Los días posteriores los percibo a través de una cortina de bruma. Es cierto que el lunes regresé al salón de clases como si nada, pero también es verdad que desde ese encuentro no pude ser el mismo. De un día para otro me había convertido en alguien taciturno y silencioso, un gato gris en una jaula de animales salvajes. Sorpresivamente obtuve una racha de calificaciones altas sin necesidad de abrir los libros. ¿Era posible? ¿Sería ese el pago a mi silencio? Opté por no decir nada y, como la mayoría, proseguir con el juego para sacar ventaja de la iniciación. Si ya había pasado la peor parte, era absurdo retirarse a esas alturas. Así aseguraba buenas notas y ya nadie, ni siquiera papá, volvería a tener pretextos para meterse conmigo.

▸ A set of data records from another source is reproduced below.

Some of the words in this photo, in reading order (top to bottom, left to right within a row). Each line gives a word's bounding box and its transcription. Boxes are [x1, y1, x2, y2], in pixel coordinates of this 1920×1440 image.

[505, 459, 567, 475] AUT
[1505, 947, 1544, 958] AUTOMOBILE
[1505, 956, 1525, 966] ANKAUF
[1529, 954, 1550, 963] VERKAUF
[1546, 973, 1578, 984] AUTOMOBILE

De no haber sido por lo de Artemio, quizá nunca hubiera salido todo a flote. Siempre me he preguntado la razón por la cual sus padres lo metieron a esa escuela. Supongo que ellos, si es que aún viven, deben comenzar el día con el peso del remordimiento.

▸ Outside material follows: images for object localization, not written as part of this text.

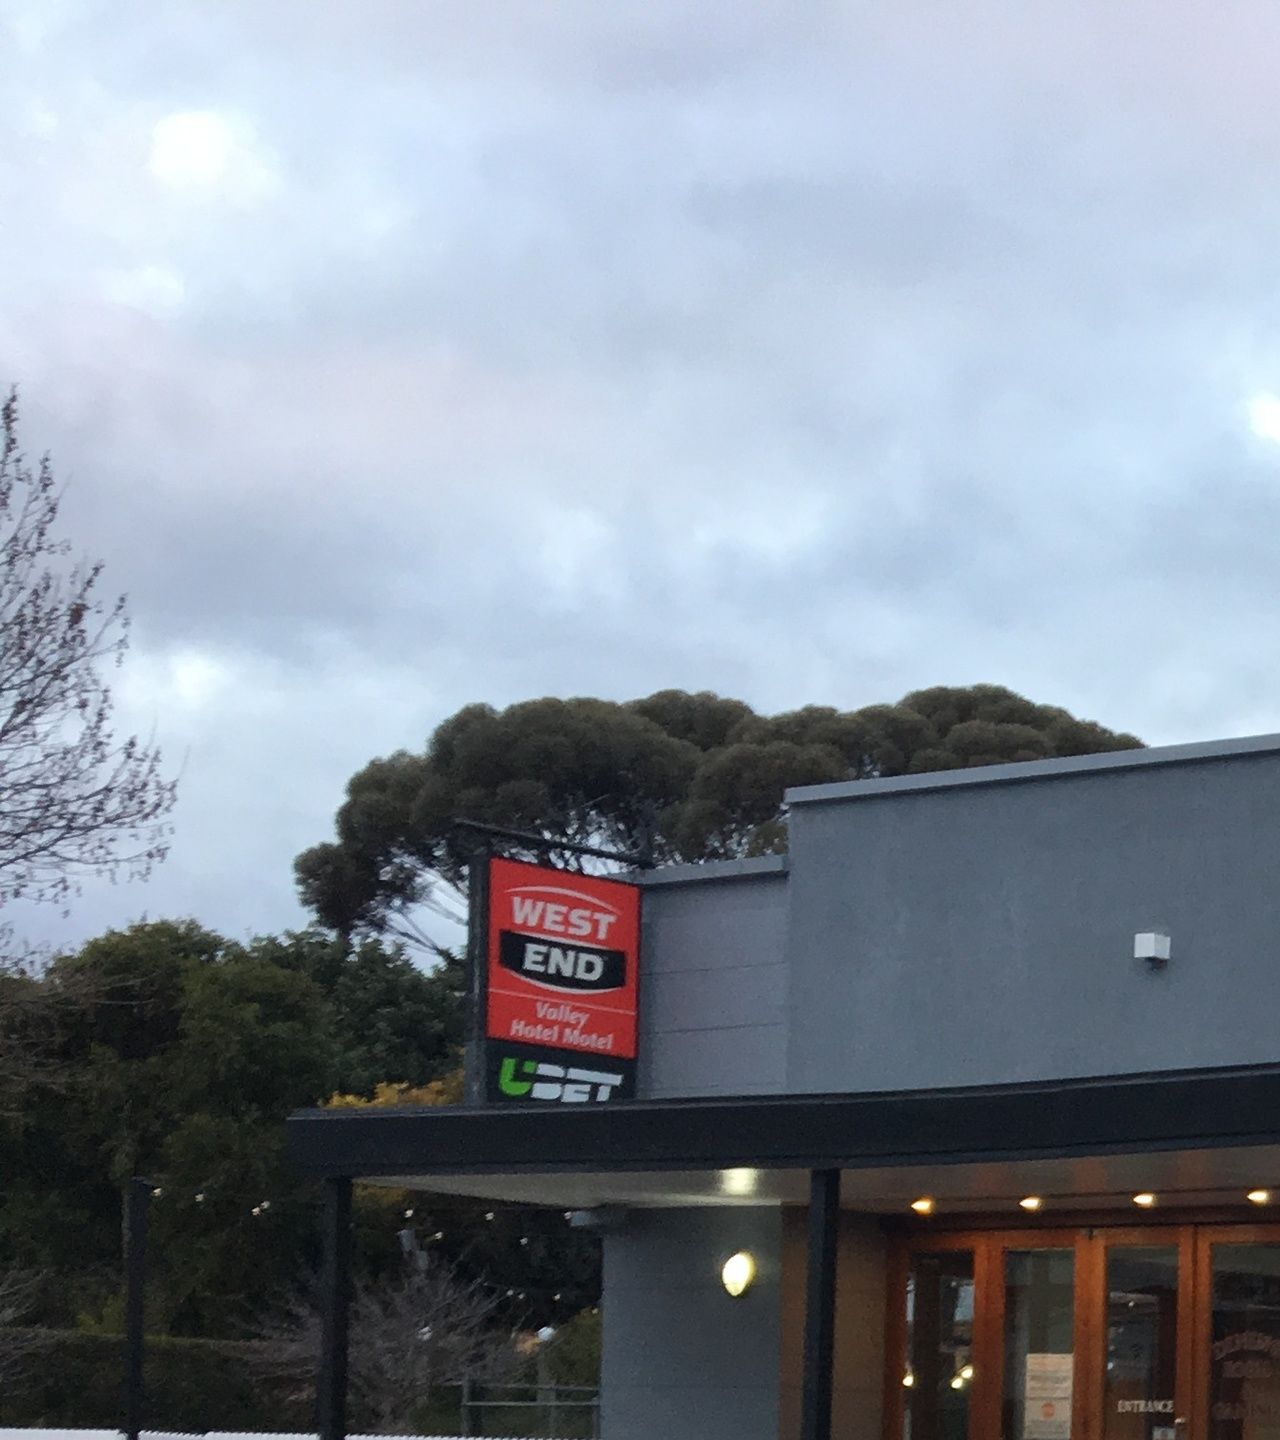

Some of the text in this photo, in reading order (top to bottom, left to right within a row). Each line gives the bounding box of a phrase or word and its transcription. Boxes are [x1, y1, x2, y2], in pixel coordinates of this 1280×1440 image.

[511, 896, 617, 940] WEST
[522, 943, 604, 982] END
[536, 1001, 590, 1029] Valley
[510, 1019, 613, 1050] Hotel Motel
[501, 1057, 623, 1103] UBET
[1117, 1399, 1175, 1413] ENTRANCE

Artemio, un muchacho solitario con pretensiones de intelectual, pálido y de paso lento, no estaba preparado para esta clase de pruebas. Solía llegar temprano a la escuela para sentarse en el pupitre de adelante. Pasaba el tiempo absorto en sus libros, jugueteando con el crucifijo de oro que pendía de su cuello. Imagino que recurría a su aire de suficiencia y a la cercanía de los maestros para protegerse de nosotros, los esbirros del  prefecto.

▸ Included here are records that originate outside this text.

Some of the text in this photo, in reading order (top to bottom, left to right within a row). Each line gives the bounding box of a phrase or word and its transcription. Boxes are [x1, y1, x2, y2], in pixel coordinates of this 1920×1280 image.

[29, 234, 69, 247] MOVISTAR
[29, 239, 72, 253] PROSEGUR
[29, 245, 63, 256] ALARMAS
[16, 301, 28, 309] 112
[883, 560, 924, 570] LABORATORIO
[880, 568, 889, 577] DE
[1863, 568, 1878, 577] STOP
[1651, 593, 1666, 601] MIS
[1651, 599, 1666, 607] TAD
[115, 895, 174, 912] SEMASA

Ese viernes apareció tarde, ocupó un sitio cerca de mí. Sentí lástima por él. Sabía que era el siguiente; me hubiera gustado advertirle, pero faltaba muy poco para las vacaciones de verano, y aunque no quisiera aceptarlo, yo formaba parte de los elegidos. A eso del mediodía, Espadas nos avisó que estuviéramos pendientes, habría reunión del club y Artemio iba a ser el invitado especial. Fue la única juerga que estuvo con nosotros. El lunes nos  enteramos que se había colgado de una viga del  techo de su cuarto.

Cuando recreo en mi mente la escena del interrogatorio, lo primero que me viene al cerebro es la mirada opaca de mi padre. Cómo es posible, cómo es posible, repite cabizbajo, dando vueltas de un lado a otro en la sala de espera de esa Delegación maloliente a la que hemos sido requeridos. El ruido de las máquinas de escribir amortigua el eco producido por los zapatos de papá al chocar contra los desalineados ladrillos del piso.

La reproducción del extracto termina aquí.